Für Radler geht's durchs Chemnitztal

Planung 2015 soll Radweg weiter gebaut werden

Auch wenn die laufende Fahrradsaison sich ihrem Ende entgegen neigt, die neue Saison kommt bestimmt. Ganz in diesem Sinne wird auch derzeit noch am Chemnitztal-Radweg gearbeitet. "Ich hoffe, dass noch in diesem Jahr zwischen Heinersdorf und Wittgensdorf mit der Baufeldfreimachung der Strecke begonnen werden kann", wünscht sich Günter Hermsdorf. Eine entsprechendes Baurecht liegt vor, und auch die ersten Maßnahmen sind ausgeschrieben. Wie der Vorsitzende des Zweckverbandes Chemnitztalradweg weiter berichtet, ist das der letzte Bauabschnitt, der über die Stadt Chemnitz läuft.
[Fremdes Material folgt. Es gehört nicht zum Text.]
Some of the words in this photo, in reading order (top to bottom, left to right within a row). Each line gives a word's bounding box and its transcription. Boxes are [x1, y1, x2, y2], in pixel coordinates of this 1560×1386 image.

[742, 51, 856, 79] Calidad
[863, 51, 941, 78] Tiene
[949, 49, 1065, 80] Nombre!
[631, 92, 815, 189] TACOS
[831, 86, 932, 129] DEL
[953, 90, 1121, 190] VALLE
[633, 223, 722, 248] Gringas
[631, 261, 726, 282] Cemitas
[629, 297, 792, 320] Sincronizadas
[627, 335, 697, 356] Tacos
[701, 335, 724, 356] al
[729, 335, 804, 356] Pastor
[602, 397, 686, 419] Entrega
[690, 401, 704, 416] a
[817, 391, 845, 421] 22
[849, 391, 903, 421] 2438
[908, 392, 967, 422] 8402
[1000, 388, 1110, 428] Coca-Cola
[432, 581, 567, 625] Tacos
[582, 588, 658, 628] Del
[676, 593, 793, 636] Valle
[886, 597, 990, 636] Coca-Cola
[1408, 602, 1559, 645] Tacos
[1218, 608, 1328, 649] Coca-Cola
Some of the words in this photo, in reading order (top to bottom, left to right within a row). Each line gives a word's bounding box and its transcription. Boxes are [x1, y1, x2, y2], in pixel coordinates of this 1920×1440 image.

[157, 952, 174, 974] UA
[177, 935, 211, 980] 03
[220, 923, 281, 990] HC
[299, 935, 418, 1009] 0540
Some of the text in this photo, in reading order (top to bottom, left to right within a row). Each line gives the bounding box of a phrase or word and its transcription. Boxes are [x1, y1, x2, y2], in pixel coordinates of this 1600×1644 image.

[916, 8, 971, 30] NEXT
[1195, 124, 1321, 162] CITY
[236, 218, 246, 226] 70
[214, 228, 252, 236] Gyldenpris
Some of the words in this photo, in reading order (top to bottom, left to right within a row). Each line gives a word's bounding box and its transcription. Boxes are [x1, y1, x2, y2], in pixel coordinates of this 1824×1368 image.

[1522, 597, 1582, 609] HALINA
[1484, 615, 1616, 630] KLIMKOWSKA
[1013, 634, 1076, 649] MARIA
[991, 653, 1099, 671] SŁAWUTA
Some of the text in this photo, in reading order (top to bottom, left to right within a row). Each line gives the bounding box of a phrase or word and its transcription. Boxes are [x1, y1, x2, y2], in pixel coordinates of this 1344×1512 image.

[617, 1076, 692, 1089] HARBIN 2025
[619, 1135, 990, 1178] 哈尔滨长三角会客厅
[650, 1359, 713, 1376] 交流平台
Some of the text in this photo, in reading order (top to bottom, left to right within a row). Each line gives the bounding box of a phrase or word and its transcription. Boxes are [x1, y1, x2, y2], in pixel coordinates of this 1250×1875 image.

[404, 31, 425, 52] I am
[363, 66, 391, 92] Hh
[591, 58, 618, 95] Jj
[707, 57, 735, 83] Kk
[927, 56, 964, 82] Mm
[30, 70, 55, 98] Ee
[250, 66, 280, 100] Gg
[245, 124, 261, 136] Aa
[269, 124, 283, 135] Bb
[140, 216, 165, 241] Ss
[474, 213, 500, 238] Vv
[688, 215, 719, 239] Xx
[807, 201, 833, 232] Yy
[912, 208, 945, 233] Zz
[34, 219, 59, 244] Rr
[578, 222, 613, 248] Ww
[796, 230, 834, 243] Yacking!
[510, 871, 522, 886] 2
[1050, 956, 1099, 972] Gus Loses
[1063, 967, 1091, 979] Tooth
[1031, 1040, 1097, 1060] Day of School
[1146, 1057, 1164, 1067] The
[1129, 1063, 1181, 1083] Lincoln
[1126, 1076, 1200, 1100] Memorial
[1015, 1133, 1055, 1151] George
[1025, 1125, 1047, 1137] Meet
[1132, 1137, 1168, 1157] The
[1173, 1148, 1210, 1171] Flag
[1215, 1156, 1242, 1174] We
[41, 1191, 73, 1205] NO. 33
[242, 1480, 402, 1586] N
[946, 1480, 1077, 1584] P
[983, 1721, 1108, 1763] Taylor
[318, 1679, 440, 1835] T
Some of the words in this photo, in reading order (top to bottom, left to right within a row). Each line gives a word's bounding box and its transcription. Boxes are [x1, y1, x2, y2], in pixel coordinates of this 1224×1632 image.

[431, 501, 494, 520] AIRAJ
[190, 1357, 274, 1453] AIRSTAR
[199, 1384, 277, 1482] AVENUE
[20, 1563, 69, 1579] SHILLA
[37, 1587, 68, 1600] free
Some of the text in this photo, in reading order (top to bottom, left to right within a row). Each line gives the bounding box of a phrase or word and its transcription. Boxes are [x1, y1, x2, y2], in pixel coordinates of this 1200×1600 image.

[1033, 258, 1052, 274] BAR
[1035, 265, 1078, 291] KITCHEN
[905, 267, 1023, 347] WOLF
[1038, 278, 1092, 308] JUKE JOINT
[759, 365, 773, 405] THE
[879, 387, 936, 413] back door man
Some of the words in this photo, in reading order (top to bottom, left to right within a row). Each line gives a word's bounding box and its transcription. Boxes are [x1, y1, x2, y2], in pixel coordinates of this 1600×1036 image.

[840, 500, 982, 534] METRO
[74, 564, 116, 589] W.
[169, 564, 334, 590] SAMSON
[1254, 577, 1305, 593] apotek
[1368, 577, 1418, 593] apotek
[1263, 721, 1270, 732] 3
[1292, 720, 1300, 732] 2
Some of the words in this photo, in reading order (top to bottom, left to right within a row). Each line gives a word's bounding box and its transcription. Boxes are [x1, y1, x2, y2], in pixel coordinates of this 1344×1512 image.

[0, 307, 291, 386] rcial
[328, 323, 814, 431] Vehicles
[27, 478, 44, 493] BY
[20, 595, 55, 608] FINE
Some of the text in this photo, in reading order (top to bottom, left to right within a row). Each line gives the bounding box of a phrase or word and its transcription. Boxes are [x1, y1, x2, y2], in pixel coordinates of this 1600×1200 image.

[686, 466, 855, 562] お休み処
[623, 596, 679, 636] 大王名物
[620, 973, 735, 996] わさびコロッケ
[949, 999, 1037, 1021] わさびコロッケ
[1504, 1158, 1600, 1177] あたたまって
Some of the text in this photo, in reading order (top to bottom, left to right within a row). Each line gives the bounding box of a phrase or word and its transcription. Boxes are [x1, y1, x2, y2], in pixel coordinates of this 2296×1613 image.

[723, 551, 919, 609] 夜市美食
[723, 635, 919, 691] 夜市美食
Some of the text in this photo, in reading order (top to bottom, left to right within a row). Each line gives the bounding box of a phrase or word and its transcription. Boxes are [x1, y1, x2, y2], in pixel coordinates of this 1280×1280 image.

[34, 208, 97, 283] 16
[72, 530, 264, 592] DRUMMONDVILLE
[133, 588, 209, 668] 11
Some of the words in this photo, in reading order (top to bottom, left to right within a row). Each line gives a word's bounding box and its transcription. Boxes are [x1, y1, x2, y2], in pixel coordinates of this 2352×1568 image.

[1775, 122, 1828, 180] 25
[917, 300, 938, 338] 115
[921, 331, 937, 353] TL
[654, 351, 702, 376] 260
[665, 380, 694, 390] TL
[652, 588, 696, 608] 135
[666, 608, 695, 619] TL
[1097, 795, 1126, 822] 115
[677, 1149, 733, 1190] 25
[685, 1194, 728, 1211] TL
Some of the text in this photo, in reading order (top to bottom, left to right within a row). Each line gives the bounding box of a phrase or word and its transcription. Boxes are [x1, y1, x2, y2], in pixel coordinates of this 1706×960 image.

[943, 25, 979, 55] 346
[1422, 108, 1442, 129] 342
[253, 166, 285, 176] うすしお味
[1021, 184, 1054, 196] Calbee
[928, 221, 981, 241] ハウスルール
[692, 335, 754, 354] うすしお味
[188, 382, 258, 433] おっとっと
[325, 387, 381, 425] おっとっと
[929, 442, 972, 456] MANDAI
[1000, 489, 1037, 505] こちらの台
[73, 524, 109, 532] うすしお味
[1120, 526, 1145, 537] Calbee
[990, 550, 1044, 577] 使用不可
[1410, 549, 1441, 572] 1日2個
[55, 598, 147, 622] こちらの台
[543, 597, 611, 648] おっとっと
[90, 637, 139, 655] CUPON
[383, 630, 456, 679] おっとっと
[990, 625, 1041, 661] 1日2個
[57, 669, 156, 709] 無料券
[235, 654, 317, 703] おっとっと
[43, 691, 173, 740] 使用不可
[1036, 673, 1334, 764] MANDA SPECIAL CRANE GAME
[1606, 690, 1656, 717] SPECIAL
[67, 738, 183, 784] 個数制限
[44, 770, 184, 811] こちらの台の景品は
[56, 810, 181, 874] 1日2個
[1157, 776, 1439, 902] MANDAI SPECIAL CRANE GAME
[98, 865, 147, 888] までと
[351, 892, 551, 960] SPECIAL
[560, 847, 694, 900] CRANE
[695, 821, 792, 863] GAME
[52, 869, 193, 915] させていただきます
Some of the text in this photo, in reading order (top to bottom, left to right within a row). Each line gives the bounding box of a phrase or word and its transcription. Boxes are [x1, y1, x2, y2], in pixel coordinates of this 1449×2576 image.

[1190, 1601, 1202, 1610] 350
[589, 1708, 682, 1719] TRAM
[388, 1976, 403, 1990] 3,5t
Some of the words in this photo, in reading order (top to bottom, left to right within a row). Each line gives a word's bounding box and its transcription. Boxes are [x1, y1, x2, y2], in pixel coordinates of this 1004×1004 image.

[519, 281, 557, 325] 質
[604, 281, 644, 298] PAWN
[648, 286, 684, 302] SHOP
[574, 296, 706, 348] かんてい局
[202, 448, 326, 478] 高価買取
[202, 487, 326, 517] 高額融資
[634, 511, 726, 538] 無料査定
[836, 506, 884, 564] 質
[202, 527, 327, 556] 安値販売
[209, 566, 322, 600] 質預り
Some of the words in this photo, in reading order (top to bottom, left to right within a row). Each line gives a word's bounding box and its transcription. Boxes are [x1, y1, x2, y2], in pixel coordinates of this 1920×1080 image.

Bereits fertiggestellt ist dagegen das Stück zwischen Markersdorf Kolonie und der Kreuzung am Museumsbahnhof Markersdorf-Taura. Während es sich bis hierher um einen bundesstraßenbegleitenden Radweg entlang der B 107 handelt, der größtenteils auf dem ehemaligen Gleisbett der Chemnitztalbahn geführt wurde, wird es danach komplizierter: Da der Verein der Eisbahnfreunde Chemnitztal die Gleisanlage zwischen Markersdorf und Diethensdorf betreibt, muss auf diesem 2,2 Kilometer langem Abschnitt der Radweg neben dem Gleis geführt werden. "Das ist insbesondere bei Brücken nicht so einfach", betont Hermsdorf. Schließlich müssen stets sicherheitstechnische Aspekte bedacht werden. Für diese Teilstrecke sollen noch in diesem Jahr die Fördermittel beantragt werden. Bei Baukosten von rund 2,5 Millionen Euro nur für diese kurze Strecke sind diese Gelder auch dringend notwendig. Im kommenden Jahr soll dann gebaut werden. Neben der Änderung der Satzung wird diese Finanzierung bei der nächsten Verbandsversammlung am 9. Dezember das Hauptthema sein. Zum Zweckverband Chemnitztalradweg gehören neben den Städten Burgstädt und Lunzenau die Gemeinden Claußnitz, Königshain-Wiederau, Lichtenau und Taura. Das ehrgeizige Ziel des Zweckverbandes ist es, den Radweg von Chemnitz über Markersdorf einmal bis ins Muldental zu führen.